## WORK INSTRUCTION
The response should consist of the data reproduced word for word.

[Start of Attachment]

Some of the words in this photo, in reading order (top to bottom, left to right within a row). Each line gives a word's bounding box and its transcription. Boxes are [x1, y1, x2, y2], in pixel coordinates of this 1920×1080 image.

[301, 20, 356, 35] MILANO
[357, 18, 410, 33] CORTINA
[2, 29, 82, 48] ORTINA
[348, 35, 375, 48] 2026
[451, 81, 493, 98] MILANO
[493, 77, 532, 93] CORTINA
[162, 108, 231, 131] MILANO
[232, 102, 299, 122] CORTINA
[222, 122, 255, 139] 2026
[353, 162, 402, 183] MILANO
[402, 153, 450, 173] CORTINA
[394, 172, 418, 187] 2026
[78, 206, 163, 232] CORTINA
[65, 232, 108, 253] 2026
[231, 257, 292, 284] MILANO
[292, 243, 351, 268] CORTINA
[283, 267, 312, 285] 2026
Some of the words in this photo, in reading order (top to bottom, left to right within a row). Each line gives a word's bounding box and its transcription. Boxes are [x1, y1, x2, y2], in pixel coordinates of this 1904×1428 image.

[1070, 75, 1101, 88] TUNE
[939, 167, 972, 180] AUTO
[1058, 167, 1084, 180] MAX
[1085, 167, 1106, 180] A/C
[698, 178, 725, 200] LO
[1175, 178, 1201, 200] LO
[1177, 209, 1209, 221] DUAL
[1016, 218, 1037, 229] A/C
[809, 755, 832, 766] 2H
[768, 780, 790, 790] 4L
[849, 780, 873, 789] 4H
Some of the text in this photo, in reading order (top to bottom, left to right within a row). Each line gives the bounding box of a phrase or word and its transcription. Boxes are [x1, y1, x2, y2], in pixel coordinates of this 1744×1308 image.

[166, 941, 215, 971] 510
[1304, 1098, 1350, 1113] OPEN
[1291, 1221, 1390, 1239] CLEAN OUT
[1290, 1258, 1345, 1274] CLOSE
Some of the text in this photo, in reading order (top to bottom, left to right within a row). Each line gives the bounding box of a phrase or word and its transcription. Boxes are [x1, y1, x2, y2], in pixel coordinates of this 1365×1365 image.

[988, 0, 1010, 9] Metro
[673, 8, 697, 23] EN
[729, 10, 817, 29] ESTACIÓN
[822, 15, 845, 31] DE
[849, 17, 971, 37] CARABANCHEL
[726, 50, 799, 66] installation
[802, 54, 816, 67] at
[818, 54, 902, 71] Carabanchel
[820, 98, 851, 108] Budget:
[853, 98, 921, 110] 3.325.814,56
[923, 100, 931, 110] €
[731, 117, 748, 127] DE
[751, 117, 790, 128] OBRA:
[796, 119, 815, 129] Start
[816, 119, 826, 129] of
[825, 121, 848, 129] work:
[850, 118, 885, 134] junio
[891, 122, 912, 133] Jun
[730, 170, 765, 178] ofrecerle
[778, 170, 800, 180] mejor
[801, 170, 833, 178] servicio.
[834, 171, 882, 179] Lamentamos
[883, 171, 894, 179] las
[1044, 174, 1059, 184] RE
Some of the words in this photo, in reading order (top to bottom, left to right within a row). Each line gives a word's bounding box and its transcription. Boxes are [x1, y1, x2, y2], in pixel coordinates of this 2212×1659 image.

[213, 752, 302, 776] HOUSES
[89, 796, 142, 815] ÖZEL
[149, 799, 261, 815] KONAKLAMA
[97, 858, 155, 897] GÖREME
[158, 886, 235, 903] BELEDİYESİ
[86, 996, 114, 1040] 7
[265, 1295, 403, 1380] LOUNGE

[End of Attachment]

## WRITTEN ANSWER
Some of the words in this photo, in reading order (top to bottom, left to right within a row). Each line gives a word's bounding box and its transcription. Boxes are [x1, y1, x2, y2], in pixel coordinates of this 1920×1080 image.

[301, 20, 356, 35] MILANO
[357, 18, 410, 33] CORTINA
[2, 29, 82, 48] ORTINA
[348, 35, 375, 48] 2026
[451, 81, 493, 98] MILANO
[493, 77, 532, 93] CORTINA
[162, 108, 231, 131] MILANO
[232, 102, 299, 122] CORTINA
[222, 122, 255, 139] 2026
[353, 162, 402, 183] MILANO
[402, 153, 450, 173] CORTINA
[394, 172, 418, 187] 2026
[78, 206, 163, 232] CORTINA
[65, 232, 108, 253] 2026
[231, 257, 292, 284] MILANO
[292, 243, 351, 268] CORTINA
[283, 267, 312, 285] 2026
Some of the words in this photo, in reading order (top to bottom, left to right within a row). Each line gives a word's bounding box and its transcription. Boxes are [x1, y1, x2, y2], in pixel coordinates of this 1904×1428 image.

[1070, 75, 1101, 88] TUNE
[939, 167, 972, 180] AUTO
[1058, 167, 1084, 180] MAX
[1085, 167, 1106, 180] A/C
[698, 178, 725, 200] LO
[1175, 178, 1201, 200] LO
[1177, 209, 1209, 221] DUAL
[1016, 218, 1037, 229] A/C
[809, 755, 832, 766] 2H
[768, 780, 790, 790] 4L
[849, 780, 873, 789] 4H
Some of the text in this photo, in reading order (top to bottom, left to right within a row). Each line gives the bounding box of a phrase or word and its transcription. Boxes are [x1, y1, x2, y2], in pixel coordinates of this 1744×1308 image.

[166, 941, 215, 971] 510
[1304, 1098, 1350, 1113] OPEN
[1291, 1221, 1390, 1239] CLEAN OUT
[1290, 1258, 1345, 1274] CLOSE
Some of the text in this photo, in reading order (top to bottom, left to right within a row). Each line gives the bounding box of a phrase or word and its transcription. Boxes are [x1, y1, x2, y2], in pixel coordinates of this 1365×1365 image.

[988, 0, 1010, 9] Metro
[673, 8, 697, 23] EN
[729, 10, 817, 29] ESTACIÓN
[822, 15, 845, 31] DE
[849, 17, 971, 37] CARABANCHEL
[726, 50, 799, 66] installation
[802, 54, 816, 67] at
[818, 54, 902, 71] Carabanchel
[820, 98, 851, 108] Budget:
[853, 98, 921, 110] 3.325.814,56
[923, 100, 931, 110] €
[731, 117, 748, 127] DE
[751, 117, 790, 128] OBRA:
[796, 119, 815, 129] Start
[816, 119, 826, 129] of
[825, 121, 848, 129] work:
[850, 118, 885, 134] junio
[891, 122, 912, 133] Jun
[730, 170, 765, 178] ofrecerle
[778, 170, 800, 180] mejor
[801, 170, 833, 178] servicio.
[834, 171, 882, 179] Lamentamos
[883, 171, 894, 179] las
[1044, 174, 1059, 184] RE
Some of the words in this photo, in reading order (top to bottom, left to right within a row). Each line gives a word's bounding box and its transcription. Boxes are [x1, y1, x2, y2], in pixel coordinates of this 2212×1659 image.

[213, 752, 302, 776] HOUSES
[89, 796, 142, 815] ÖZEL
[149, 799, 261, 815] KONAKLAMA
[97, 858, 155, 897] GÖREME
[158, 886, 235, 903] BELEDİYESİ
[86, 996, 114, 1040] 7
[265, 1295, 403, 1380] LOUNGE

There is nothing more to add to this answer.